■ Problem ■
The pictures do not belong in the copy. Restate all of the records word for word.

Dataset excerpts
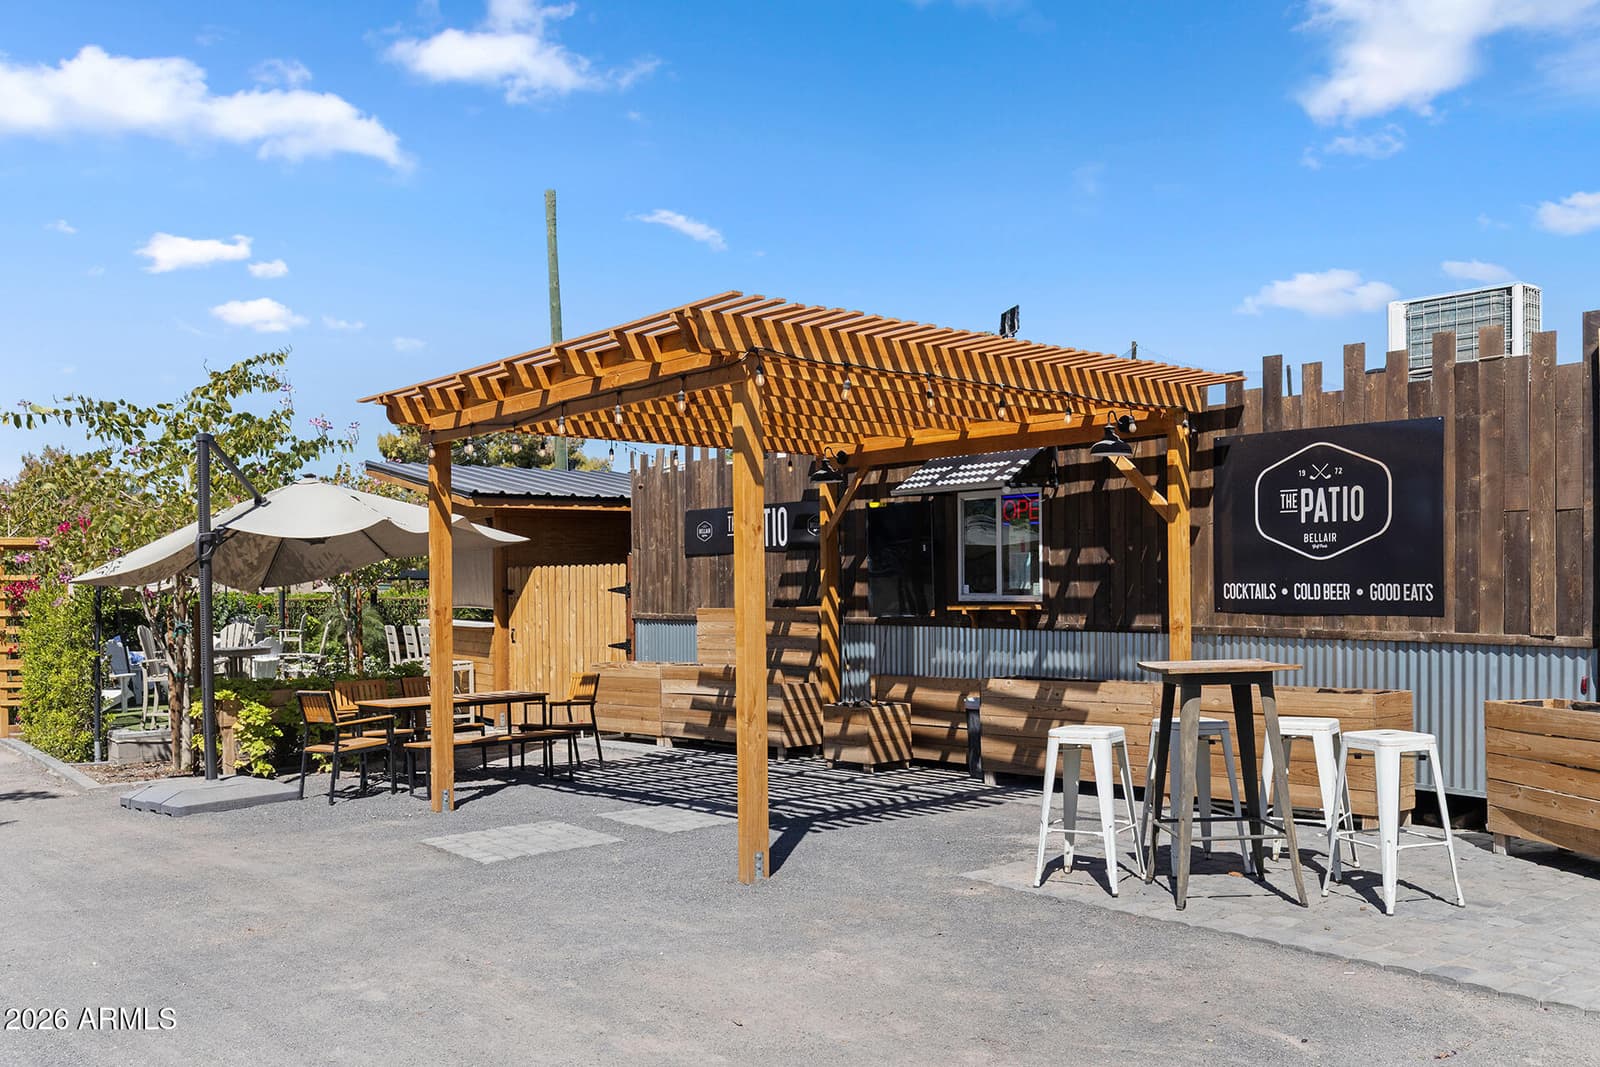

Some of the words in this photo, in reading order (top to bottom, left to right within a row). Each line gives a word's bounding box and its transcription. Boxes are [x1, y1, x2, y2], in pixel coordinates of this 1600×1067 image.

[1003, 499, 1040, 521] OPE
[1280, 492, 1298, 509] THE
[1300, 485, 1364, 523] PATIO
[764, 507, 788, 546] TIO
[1303, 532, 1337, 543] BELLAIR
[1223, 582, 1276, 600] COCKTAILS
[1294, 583, 1321, 600] COLD
[1323, 583, 1350, 600] BEER
[1370, 583, 1400, 601] GOOD
[1403, 584, 1434, 601] EATS
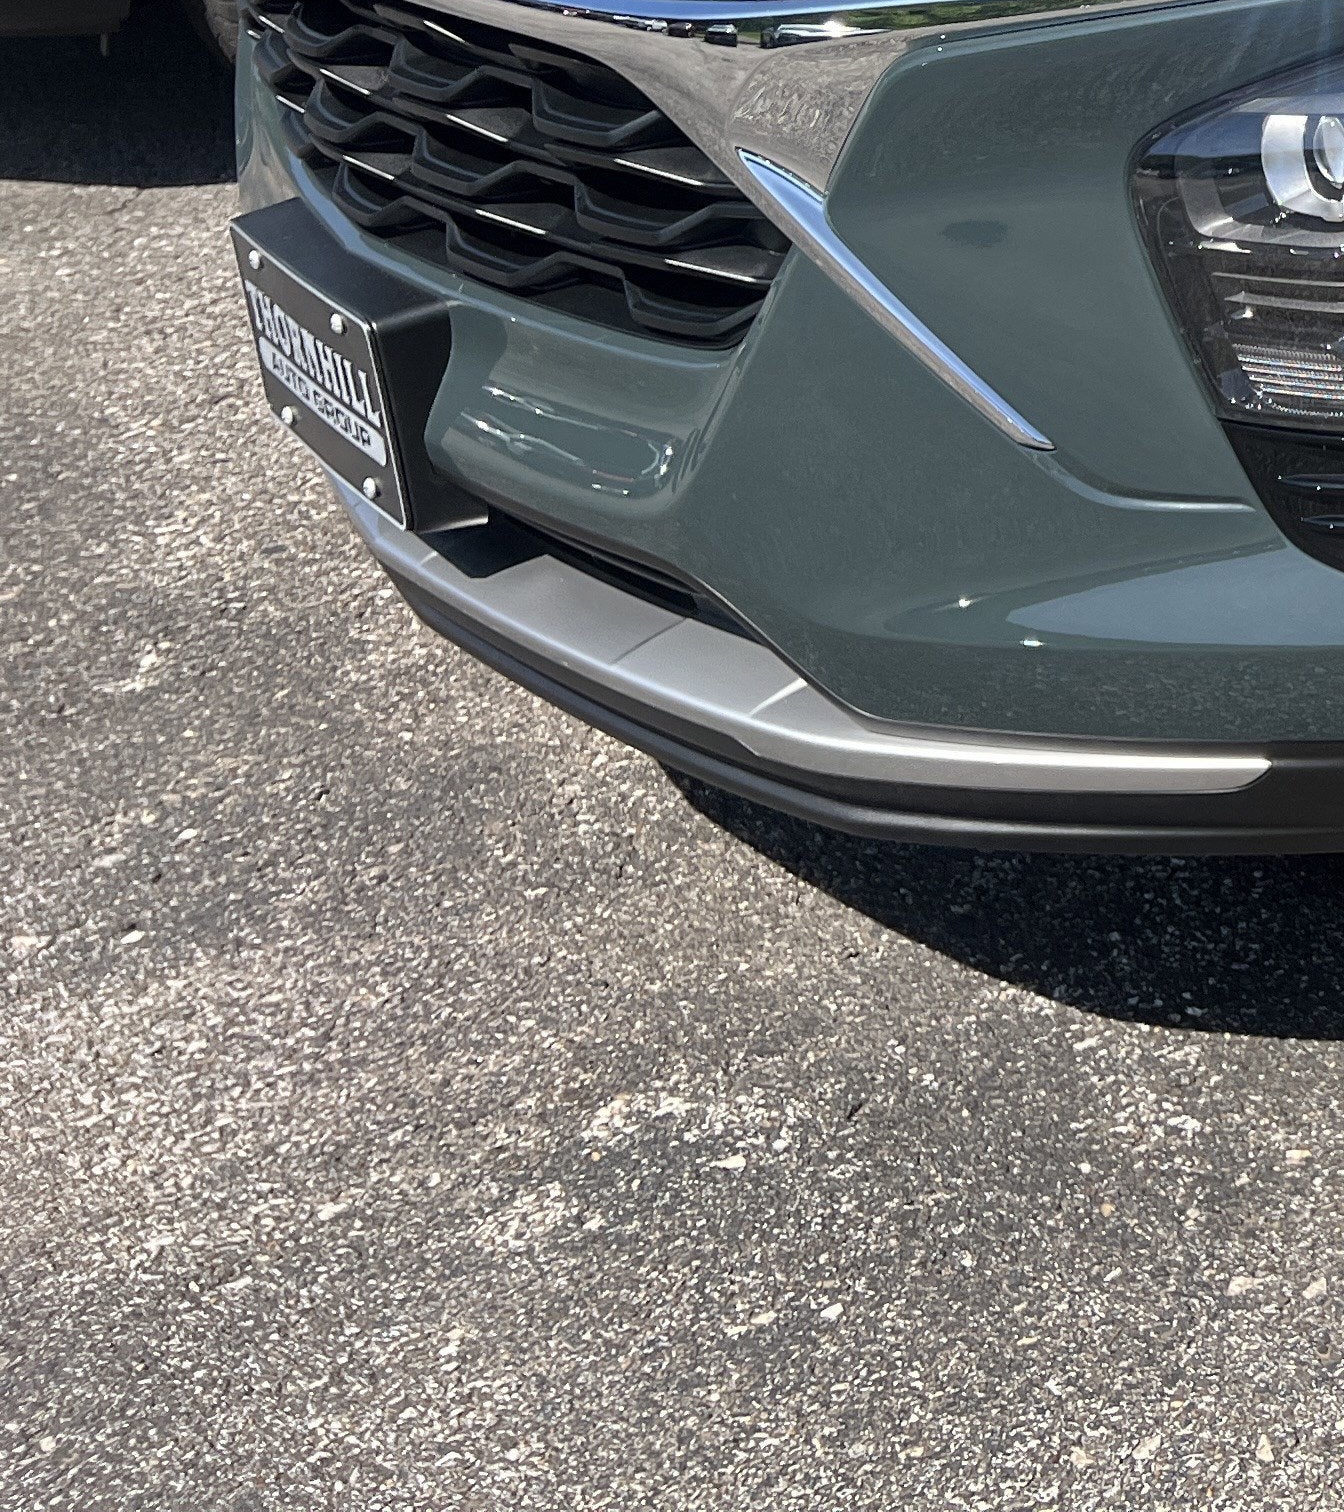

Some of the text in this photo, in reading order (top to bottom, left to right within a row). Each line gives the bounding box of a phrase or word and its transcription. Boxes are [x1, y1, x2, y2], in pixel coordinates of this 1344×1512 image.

[244, 279, 382, 428] THORNHILL
[271, 351, 372, 448] AUTO GROUP
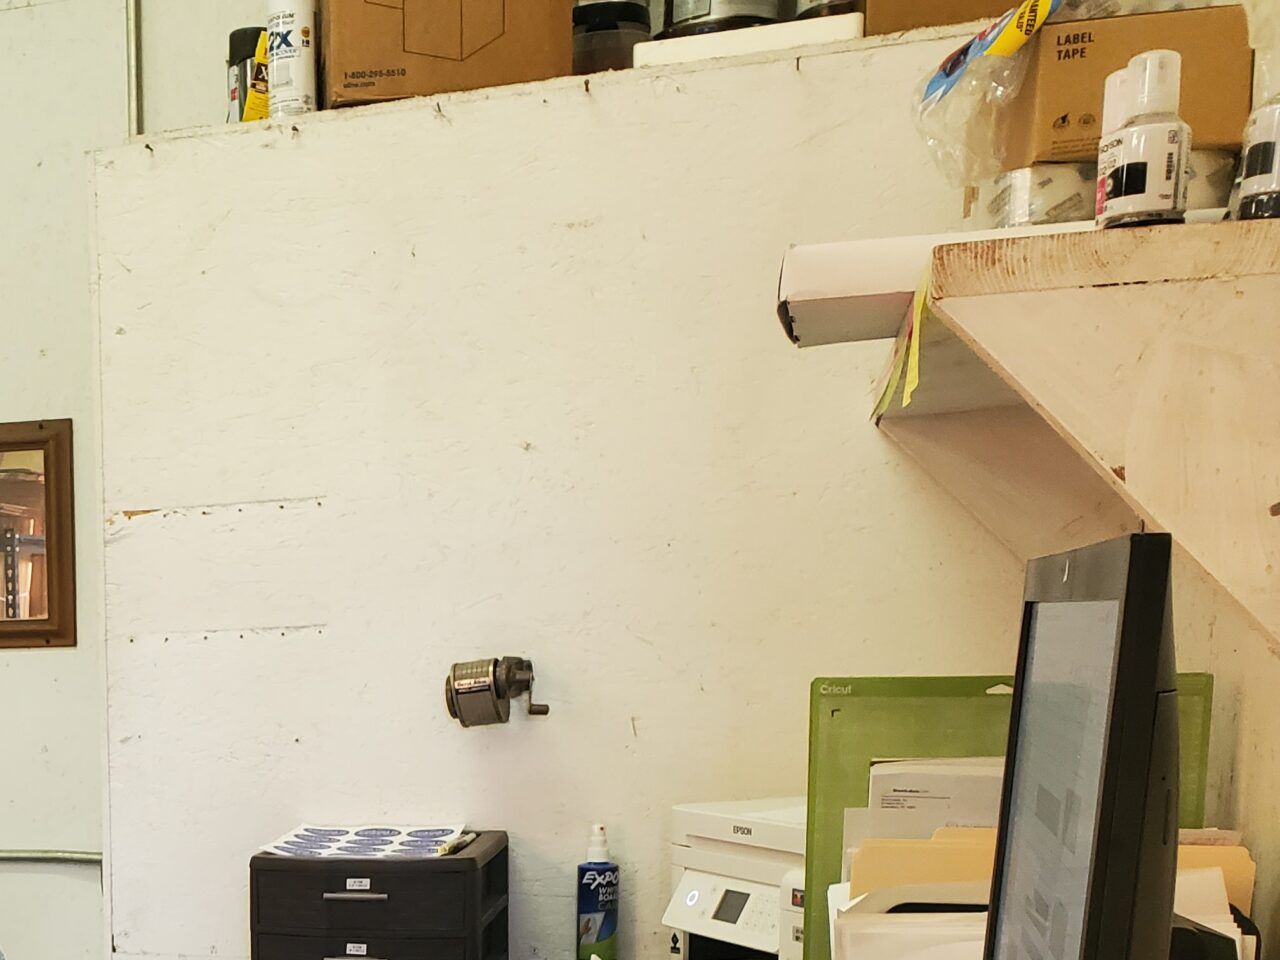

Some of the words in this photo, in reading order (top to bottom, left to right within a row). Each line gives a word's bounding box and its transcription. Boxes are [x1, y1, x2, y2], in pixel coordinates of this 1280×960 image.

[1056, 32, 1095, 46] LABEL
[1057, 48, 1086, 61] TAPE
[344, 68, 407, 80] 1-800-295-5510
[820, 683, 852, 695] Cricut
[732, 825, 753, 837] EPSON
[582, 870, 619, 890] EXPO
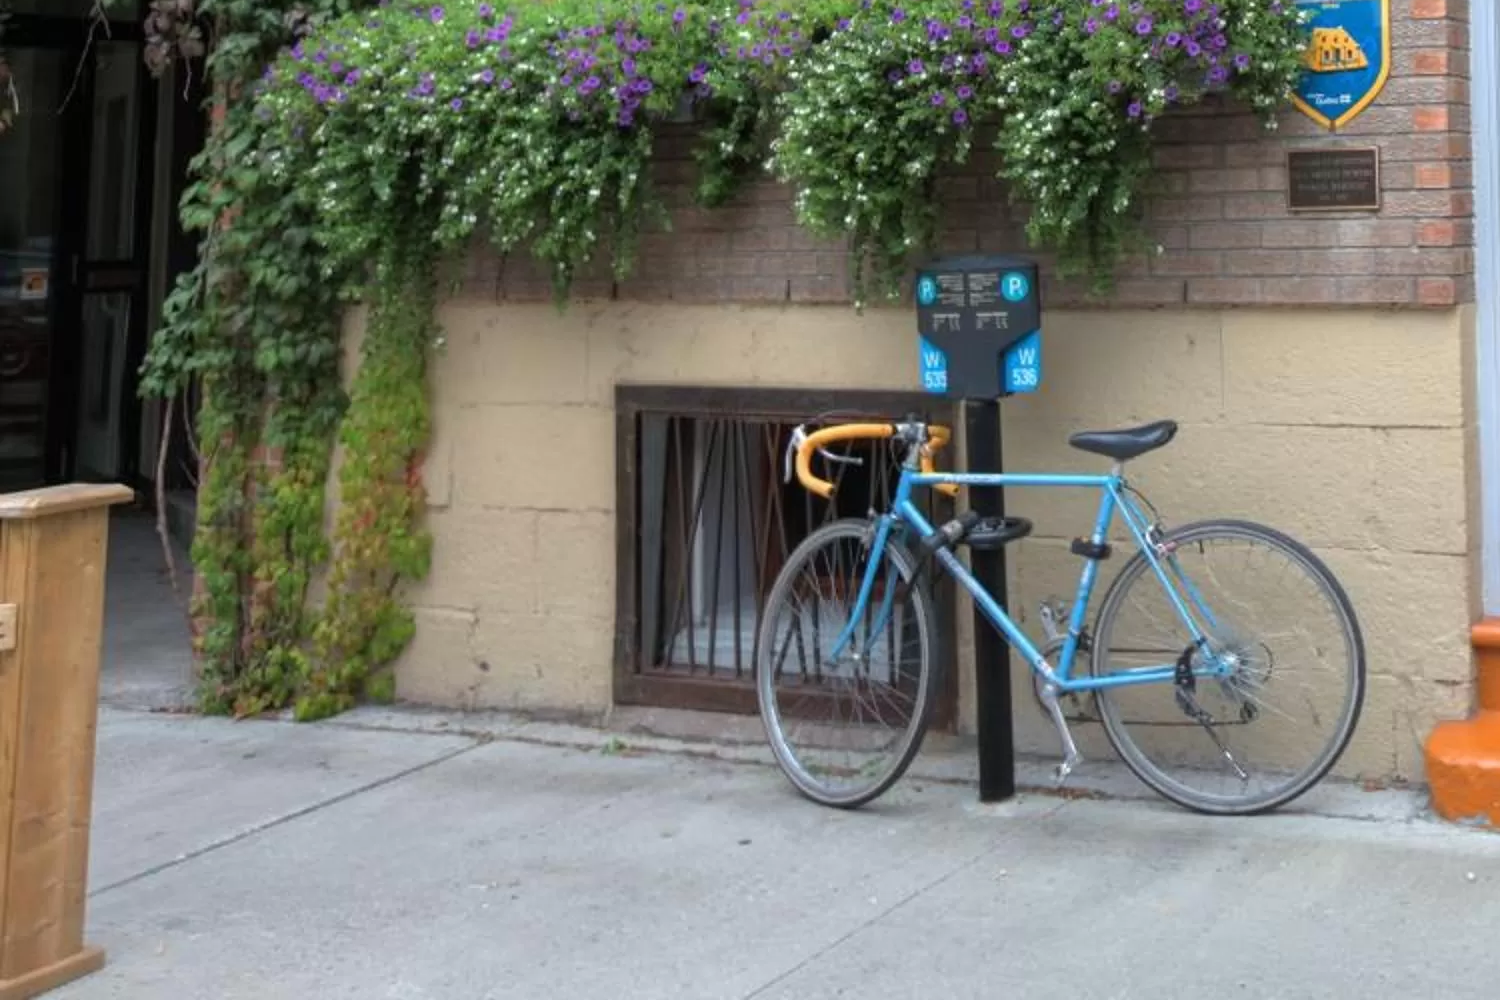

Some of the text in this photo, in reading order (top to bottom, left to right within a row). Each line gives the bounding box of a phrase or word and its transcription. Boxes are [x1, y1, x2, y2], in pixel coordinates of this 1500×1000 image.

[922, 350, 941, 369] W
[1017, 347, 1036, 365] W
[924, 370, 947, 389] 535
[1012, 367, 1038, 386] 536
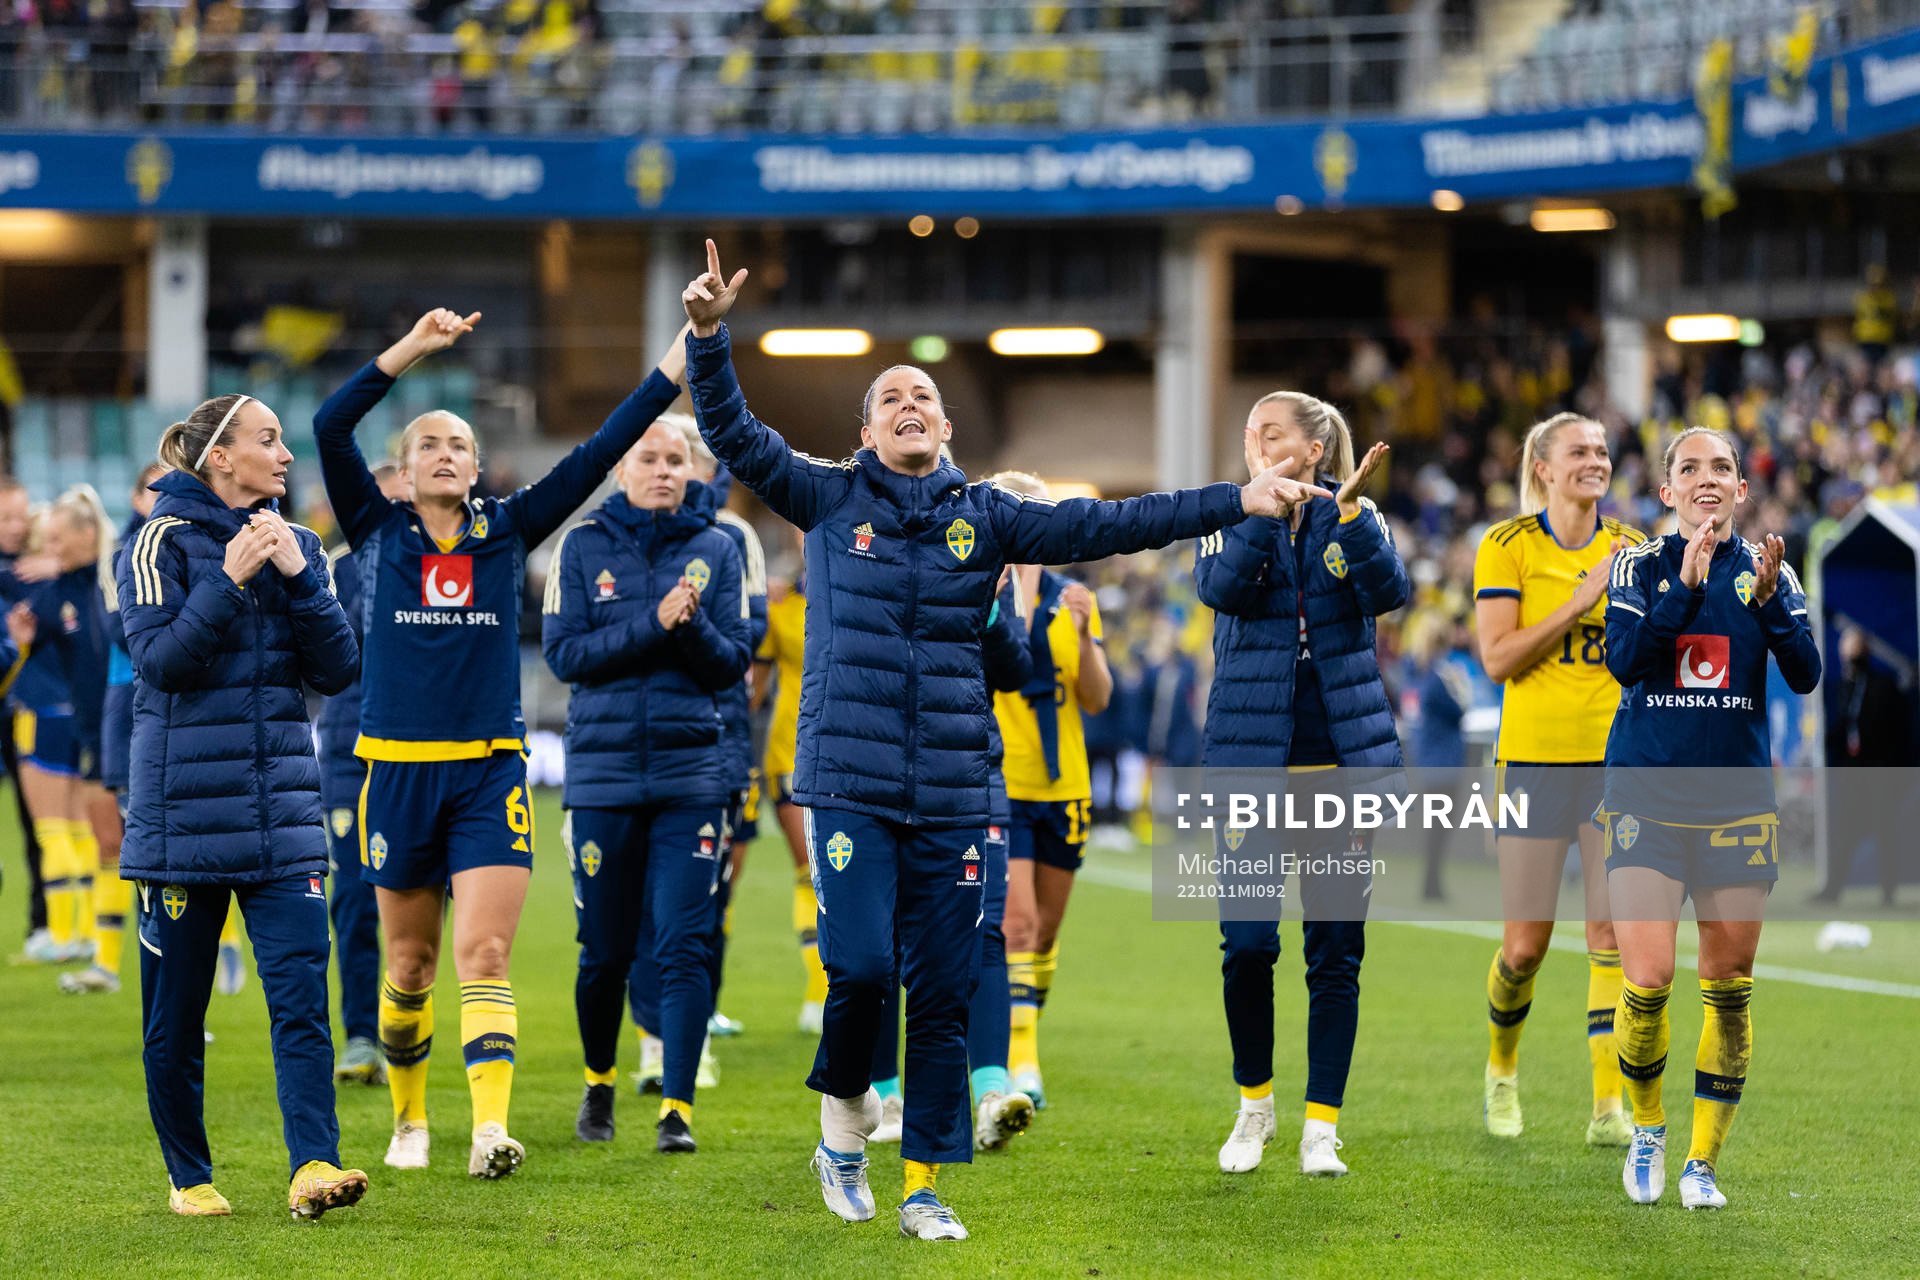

■ Solution for this exercise ■
Some of the words in this photo, in reading order (top to bottom, left to right within a row). Each line gives a word's bounding box and its transcription. Boxes are [x1, y1, x2, y2], in pixel coordinates of this 1600×1067 image.

[1003, 499, 1040, 521] OPE
[1280, 492, 1298, 509] THE
[1300, 485, 1364, 523] PATIO
[764, 507, 788, 546] TIO
[1303, 532, 1337, 543] BELLAIR
[1223, 582, 1276, 600] COCKTAILS
[1294, 583, 1321, 600] COLD
[1323, 583, 1350, 600] BEER
[1370, 583, 1400, 601] GOOD
[1403, 584, 1434, 601] EATS

Some of the text in this photo, in reading order (top to bottom, left to right within a row). Each line gives the bounding box of a phrase or word and its transcription. Boxes are [x1, y1, x2, y2], in pixel coordinates of this 1344×1512 image.

[244, 279, 382, 428] THORNHILL
[271, 351, 372, 448] AUTO GROUP

Some of the words in this photo, in reading order (top to bottom, left to right within a row). Each line gives a word's bounding box and its transcription. Boxes are [x1, y1, x2, y2], in pixel coordinates of this 1280×960 image.

[1056, 32, 1095, 46] LABEL
[1057, 48, 1086, 61] TAPE
[344, 68, 407, 80] 1-800-295-5510
[820, 683, 852, 695] Cricut
[732, 825, 753, 837] EPSON
[582, 870, 619, 890] EXPO

Some of the text in this photo, in reading order (top to bottom, left to right within a row). Each line gives the bounding box of a phrase or word and its transcription. Boxes are [x1, y1, x2, y2], in pixel coordinates of this 1500×1000 image.

[922, 350, 941, 369] W
[1017, 347, 1036, 365] W
[924, 370, 947, 389] 535
[1012, 367, 1038, 386] 536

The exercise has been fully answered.